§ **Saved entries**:
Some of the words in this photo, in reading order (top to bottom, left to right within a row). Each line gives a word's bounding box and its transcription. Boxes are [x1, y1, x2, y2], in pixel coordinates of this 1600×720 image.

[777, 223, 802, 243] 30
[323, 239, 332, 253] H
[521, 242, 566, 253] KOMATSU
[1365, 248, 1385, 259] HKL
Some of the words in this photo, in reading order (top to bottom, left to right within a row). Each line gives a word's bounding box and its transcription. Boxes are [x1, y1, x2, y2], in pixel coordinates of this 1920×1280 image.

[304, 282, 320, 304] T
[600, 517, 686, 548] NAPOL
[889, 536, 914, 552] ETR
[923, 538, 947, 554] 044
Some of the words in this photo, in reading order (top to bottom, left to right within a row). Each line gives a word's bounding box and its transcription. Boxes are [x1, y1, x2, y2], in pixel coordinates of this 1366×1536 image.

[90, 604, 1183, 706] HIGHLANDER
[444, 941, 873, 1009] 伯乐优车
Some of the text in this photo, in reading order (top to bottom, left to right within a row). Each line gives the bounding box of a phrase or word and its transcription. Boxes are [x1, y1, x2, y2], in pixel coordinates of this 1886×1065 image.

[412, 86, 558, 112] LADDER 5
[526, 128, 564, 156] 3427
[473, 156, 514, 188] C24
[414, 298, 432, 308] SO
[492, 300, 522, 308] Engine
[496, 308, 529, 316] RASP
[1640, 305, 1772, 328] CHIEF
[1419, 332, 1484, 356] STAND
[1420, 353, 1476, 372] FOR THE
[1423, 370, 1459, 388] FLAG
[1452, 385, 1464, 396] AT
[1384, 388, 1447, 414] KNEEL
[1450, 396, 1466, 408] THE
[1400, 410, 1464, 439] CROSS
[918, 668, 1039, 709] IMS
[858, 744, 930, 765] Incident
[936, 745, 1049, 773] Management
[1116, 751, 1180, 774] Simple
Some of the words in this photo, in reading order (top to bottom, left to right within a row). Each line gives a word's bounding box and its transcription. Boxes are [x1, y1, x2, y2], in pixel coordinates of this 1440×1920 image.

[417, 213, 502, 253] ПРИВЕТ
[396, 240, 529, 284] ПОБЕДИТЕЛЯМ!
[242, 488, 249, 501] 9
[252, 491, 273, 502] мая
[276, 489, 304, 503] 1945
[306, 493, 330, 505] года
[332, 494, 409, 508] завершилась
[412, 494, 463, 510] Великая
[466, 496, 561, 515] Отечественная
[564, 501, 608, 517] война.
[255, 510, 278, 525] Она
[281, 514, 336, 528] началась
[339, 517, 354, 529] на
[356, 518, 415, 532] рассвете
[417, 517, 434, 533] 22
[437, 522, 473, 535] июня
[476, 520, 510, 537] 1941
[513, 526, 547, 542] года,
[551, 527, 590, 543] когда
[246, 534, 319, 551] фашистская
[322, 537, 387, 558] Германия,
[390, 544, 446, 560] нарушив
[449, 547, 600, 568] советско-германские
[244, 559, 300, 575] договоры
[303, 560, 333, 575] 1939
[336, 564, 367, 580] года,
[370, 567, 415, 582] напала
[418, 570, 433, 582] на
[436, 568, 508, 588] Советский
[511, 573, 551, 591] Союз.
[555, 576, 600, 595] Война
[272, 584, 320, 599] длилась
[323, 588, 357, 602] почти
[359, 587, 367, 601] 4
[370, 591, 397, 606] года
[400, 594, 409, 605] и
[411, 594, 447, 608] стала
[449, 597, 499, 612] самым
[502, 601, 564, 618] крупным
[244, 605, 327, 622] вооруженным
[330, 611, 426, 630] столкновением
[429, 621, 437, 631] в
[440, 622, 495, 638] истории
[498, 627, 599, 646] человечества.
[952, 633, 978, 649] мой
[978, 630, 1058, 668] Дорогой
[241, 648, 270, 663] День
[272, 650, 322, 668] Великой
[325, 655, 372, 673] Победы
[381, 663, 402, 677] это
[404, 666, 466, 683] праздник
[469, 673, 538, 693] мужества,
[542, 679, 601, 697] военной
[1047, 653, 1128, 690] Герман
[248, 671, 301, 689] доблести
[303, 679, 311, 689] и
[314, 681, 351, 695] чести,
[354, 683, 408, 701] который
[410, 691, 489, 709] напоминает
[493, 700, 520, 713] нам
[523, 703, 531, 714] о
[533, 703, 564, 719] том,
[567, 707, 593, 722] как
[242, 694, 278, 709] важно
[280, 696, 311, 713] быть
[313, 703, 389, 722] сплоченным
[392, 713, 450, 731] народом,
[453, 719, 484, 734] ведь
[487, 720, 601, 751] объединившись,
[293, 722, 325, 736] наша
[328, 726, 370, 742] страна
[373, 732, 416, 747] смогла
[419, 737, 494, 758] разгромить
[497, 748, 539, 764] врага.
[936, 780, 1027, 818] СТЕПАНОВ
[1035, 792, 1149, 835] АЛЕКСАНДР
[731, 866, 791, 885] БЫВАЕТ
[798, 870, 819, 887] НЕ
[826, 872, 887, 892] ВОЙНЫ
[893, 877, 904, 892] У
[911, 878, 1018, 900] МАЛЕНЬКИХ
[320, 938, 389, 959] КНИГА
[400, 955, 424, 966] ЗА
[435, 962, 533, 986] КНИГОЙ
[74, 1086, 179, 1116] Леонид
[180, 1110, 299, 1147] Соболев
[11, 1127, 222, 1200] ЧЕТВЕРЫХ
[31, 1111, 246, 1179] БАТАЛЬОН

§ **TRY IT**: Output the data above in full and exactly.

§ **SOLUTION**:
Some of the words in this photo, in reading order (top to bottom, left to right within a row). Each line gives a word's bounding box and its transcription. Boxes are [x1, y1, x2, y2], in pixel coordinates of this 1600×720 image.

[777, 223, 802, 243] 30
[323, 239, 332, 253] H
[521, 242, 566, 253] KOMATSU
[1365, 248, 1385, 259] HKL
Some of the words in this photo, in reading order (top to bottom, left to right within a row). Each line gives a word's bounding box and its transcription. Boxes are [x1, y1, x2, y2], in pixel coordinates of this 1920×1280 image.

[304, 282, 320, 304] T
[600, 517, 686, 548] NAPOL
[889, 536, 914, 552] ETR
[923, 538, 947, 554] 044
Some of the words in this photo, in reading order (top to bottom, left to right within a row). Each line gives a word's bounding box and its transcription. Boxes are [x1, y1, x2, y2], in pixel coordinates of this 1366×1536 image.

[90, 604, 1183, 706] HIGHLANDER
[444, 941, 873, 1009] 伯乐优车
Some of the text in this photo, in reading order (top to bottom, left to right within a row). Each line gives the bounding box of a phrase or word and its transcription. Boxes are [x1, y1, x2, y2], in pixel coordinates of this 1886×1065 image.

[412, 86, 558, 112] LADDER 5
[526, 128, 564, 156] 3427
[473, 156, 514, 188] C24
[414, 298, 432, 308] SO
[492, 300, 522, 308] Engine
[496, 308, 529, 316] RASP
[1640, 305, 1772, 328] CHIEF
[1419, 332, 1484, 356] STAND
[1420, 353, 1476, 372] FOR THE
[1423, 370, 1459, 388] FLAG
[1452, 385, 1464, 396] AT
[1384, 388, 1447, 414] KNEEL
[1450, 396, 1466, 408] THE
[1400, 410, 1464, 439] CROSS
[918, 668, 1039, 709] IMS
[858, 744, 930, 765] Incident
[936, 745, 1049, 773] Management
[1116, 751, 1180, 774] Simple
Some of the words in this photo, in reading order (top to bottom, left to right within a row). Each line gives a word's bounding box and its transcription. Boxes are [x1, y1, x2, y2], in pixel coordinates of this 1440×1920 image.

[417, 213, 502, 253] ПРИВЕТ
[396, 240, 529, 284] ПОБЕДИТЕЛЯМ!
[242, 488, 249, 501] 9
[252, 491, 273, 502] мая
[276, 489, 304, 503] 1945
[306, 493, 330, 505] года
[332, 494, 409, 508] завершилась
[412, 494, 463, 510] Великая
[466, 496, 561, 515] Отечественная
[564, 501, 608, 517] война.
[255, 510, 278, 525] Она
[281, 514, 336, 528] началась
[339, 517, 354, 529] на
[356, 518, 415, 532] рассвете
[417, 517, 434, 533] 22
[437, 522, 473, 535] июня
[476, 520, 510, 537] 1941
[513, 526, 547, 542] года,
[551, 527, 590, 543] когда
[246, 534, 319, 551] фашистская
[322, 537, 387, 558] Германия,
[390, 544, 446, 560] нарушив
[449, 547, 600, 568] советско-германские
[244, 559, 300, 575] договоры
[303, 560, 333, 575] 1939
[336, 564, 367, 580] года,
[370, 567, 415, 582] напала
[418, 570, 433, 582] на
[436, 568, 508, 588] Советский
[511, 573, 551, 591] Союз.
[555, 576, 600, 595] Война
[272, 584, 320, 599] длилась
[323, 588, 357, 602] почти
[359, 587, 367, 601] 4
[370, 591, 397, 606] года
[400, 594, 409, 605] и
[411, 594, 447, 608] стала
[449, 597, 499, 612] самым
[502, 601, 564, 618] крупным
[244, 605, 327, 622] вооруженным
[330, 611, 426, 630] столкновением
[429, 621, 437, 631] в
[440, 622, 495, 638] истории
[498, 627, 599, 646] человечества.
[952, 633, 978, 649] мой
[978, 630, 1058, 668] Дорогой
[241, 648, 270, 663] День
[272, 650, 322, 668] Великой
[325, 655, 372, 673] Победы
[381, 663, 402, 677] это
[404, 666, 466, 683] праздник
[469, 673, 538, 693] мужества,
[542, 679, 601, 697] военной
[1047, 653, 1128, 690] Герман
[248, 671, 301, 689] доблести
[303, 679, 311, 689] и
[314, 681, 351, 695] чести,
[354, 683, 408, 701] который
[410, 691, 489, 709] напоминает
[493, 700, 520, 713] нам
[523, 703, 531, 714] о
[533, 703, 564, 719] том,
[567, 707, 593, 722] как
[242, 694, 278, 709] важно
[280, 696, 311, 713] быть
[313, 703, 389, 722] сплоченным
[392, 713, 450, 731] народом,
[453, 719, 484, 734] ведь
[487, 720, 601, 751] объединившись,
[293, 722, 325, 736] наша
[328, 726, 370, 742] страна
[373, 732, 416, 747] смогла
[419, 737, 494, 758] разгромить
[497, 748, 539, 764] врага.
[936, 780, 1027, 818] СТЕПАНОВ
[1035, 792, 1149, 835] АЛЕКСАНДР
[731, 866, 791, 885] БЫВАЕТ
[798, 870, 819, 887] НЕ
[826, 872, 887, 892] ВОЙНЫ
[893, 877, 904, 892] У
[911, 878, 1018, 900] МАЛЕНЬКИХ
[320, 938, 389, 959] КНИГА
[400, 955, 424, 966] ЗА
[435, 962, 533, 986] КНИГОЙ
[74, 1086, 179, 1116] Леонид
[180, 1110, 299, 1147] Соболев
[11, 1127, 222, 1200] ЧЕТВЕРЫХ
[31, 1111, 246, 1179] БАТАЛЬОН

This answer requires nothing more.